| I actually agree with much of the articles reasoning, other than the title, and everything about Ghostbusters: > More specifically, a vocal portion of men on the internet — shall we say — go out of their way to make their voices heard when it comes to judging entertainment aimed at women, and that appears to be happening with the new “Ghostbusters.” The thing with the new Ghostbusters has nothing to do with them being women. I'd see Bridesmaids 2 or any other comedy with Kristen Wiig (probably have), and I like Paul Feig fine. The problem with the new Ghostbusters is that it's not Ghostbusters, not that it's necessarily a bad comedy.

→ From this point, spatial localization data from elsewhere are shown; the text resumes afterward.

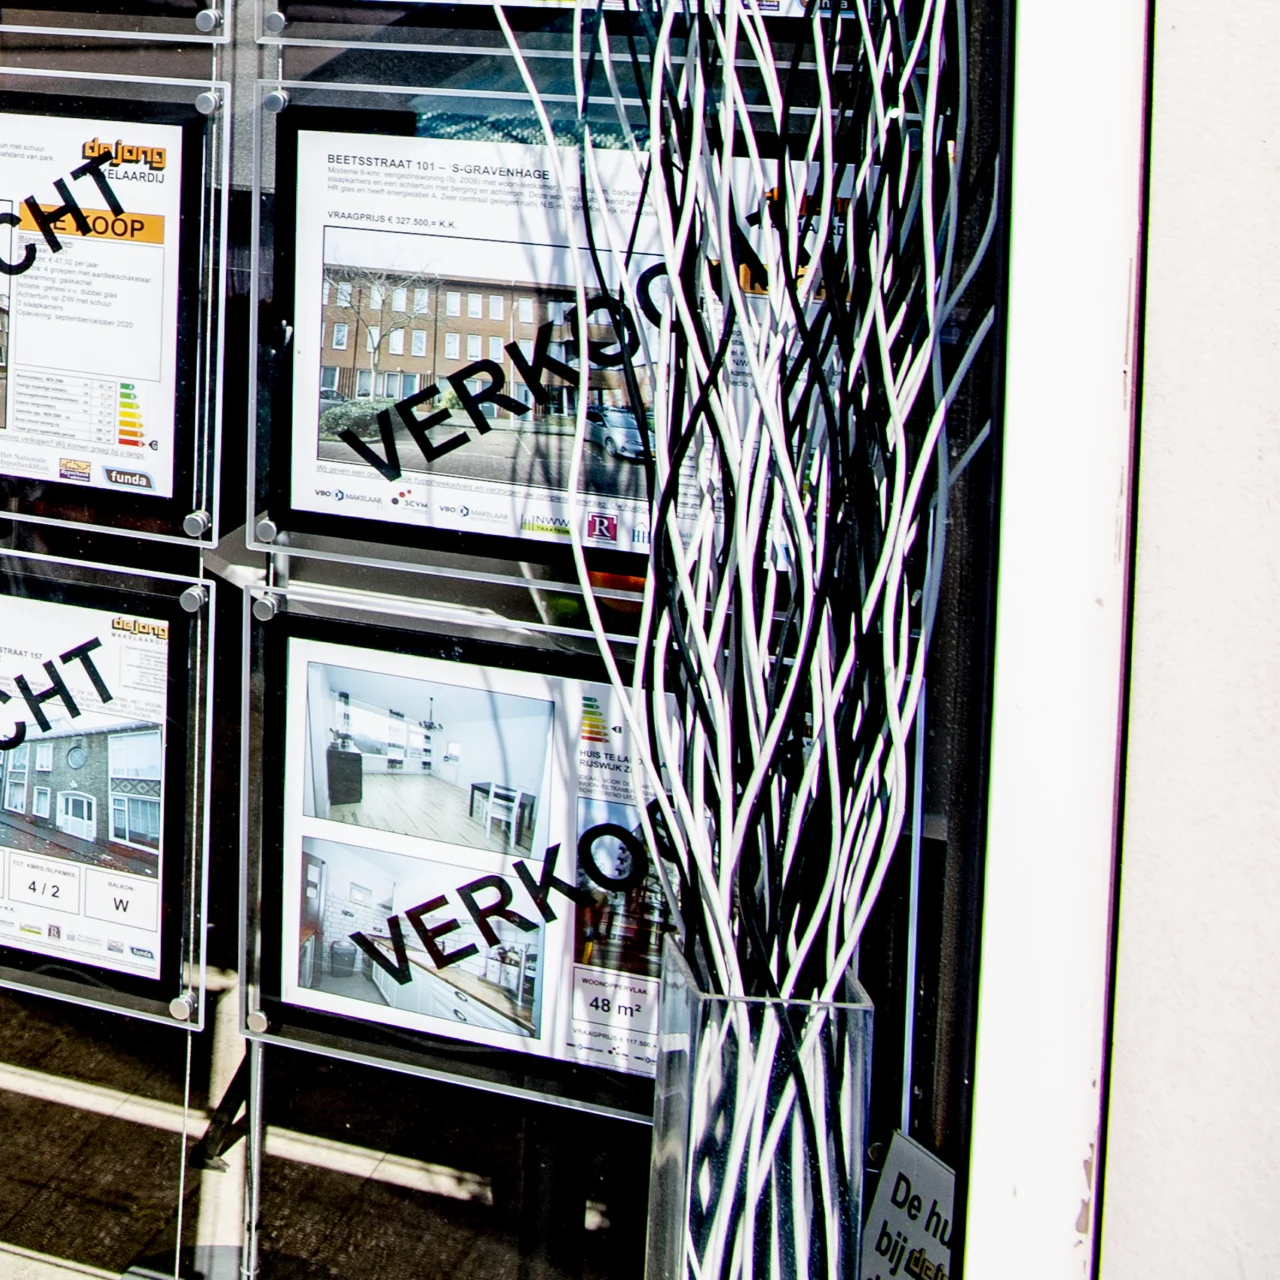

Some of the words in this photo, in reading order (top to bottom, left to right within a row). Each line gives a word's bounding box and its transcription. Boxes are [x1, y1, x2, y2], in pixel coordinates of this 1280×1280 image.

[327, 154, 412, 169] BEETSSTRAAT
[417, 161, 435, 171] 101
[450, 164, 550, 180] 'S-GRAVENHAGE
[327, 211, 385, 222] VRAAGPRIJS
[395, 216, 437, 227] 327.500,=
[117, 320, 133, 329] 2020
[111, 471, 147, 486] funda
[315, 489, 331, 497] VBO
[405, 499, 428, 509] SCYM
[31, 652, 42, 660] 157
[580, 750, 601, 759] HUIS
[580, 758, 622, 771] RIJSWIJK
[28, 880, 37, 893] 4
[51, 885, 60, 899] 2
[113, 897, 129, 912] W
[589, 997, 611, 1013] 48
[891, 1172, 922, 1221] De
[875, 1220, 909, 1276] bij
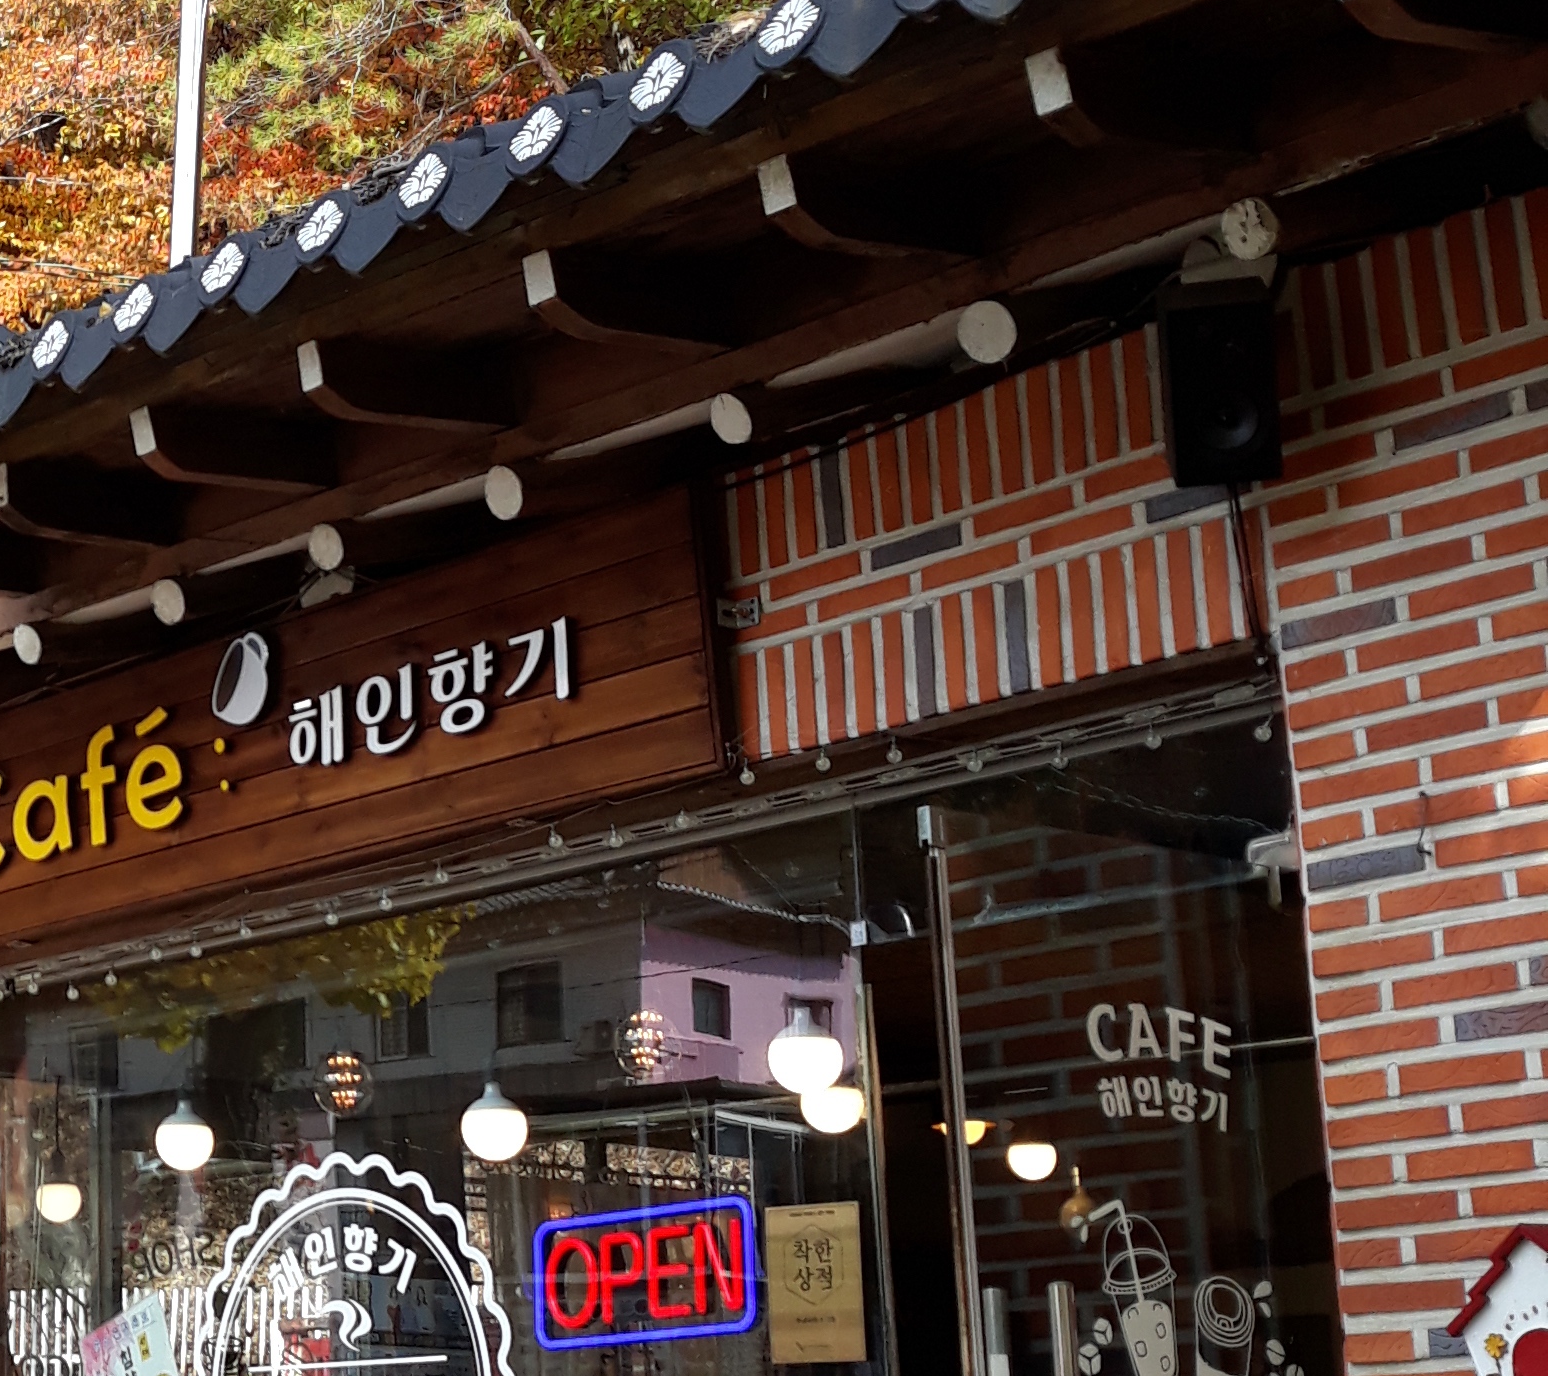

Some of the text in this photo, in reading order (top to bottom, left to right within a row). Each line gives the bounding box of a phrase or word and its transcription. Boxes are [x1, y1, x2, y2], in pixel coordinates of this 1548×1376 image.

The old Ghostbusters is shot and built up as a dark disaster movie, that just happens to be really funny. The new one is a Paul Feig movie (again, not knocking). It doesn't fit. I noticed the same thing in the last season of Veep when Ianucci left. Instead of it shot more like an Office-type documentary (without the interviews, like its predecessor The Thick of It), if you look at the Christmas episode (of Veep) as the clearest example, it's shot like any other honestly mediocre sitcom, with saturated colors and honestly phoned in jokes. Sorry about the tirade, but as a guy who does like good female media (Broad City and Lady Dynamite are my latest favorites), seeing this argument be made with terrible examples is unfortunate. |
I find it funny how most of people that discredit the OP conclusion also thinks they are right when they are in the opposite situation. I don't see you Bros complaining when Hollywood whitewash history.
And last, when did you guys started to think that the "old" stuff is yours? They have legally owners, and they can change to fit or create a better history/world (and some guys like you keep thinking in ways to put it worse), like star wars and the woman and black as main characters.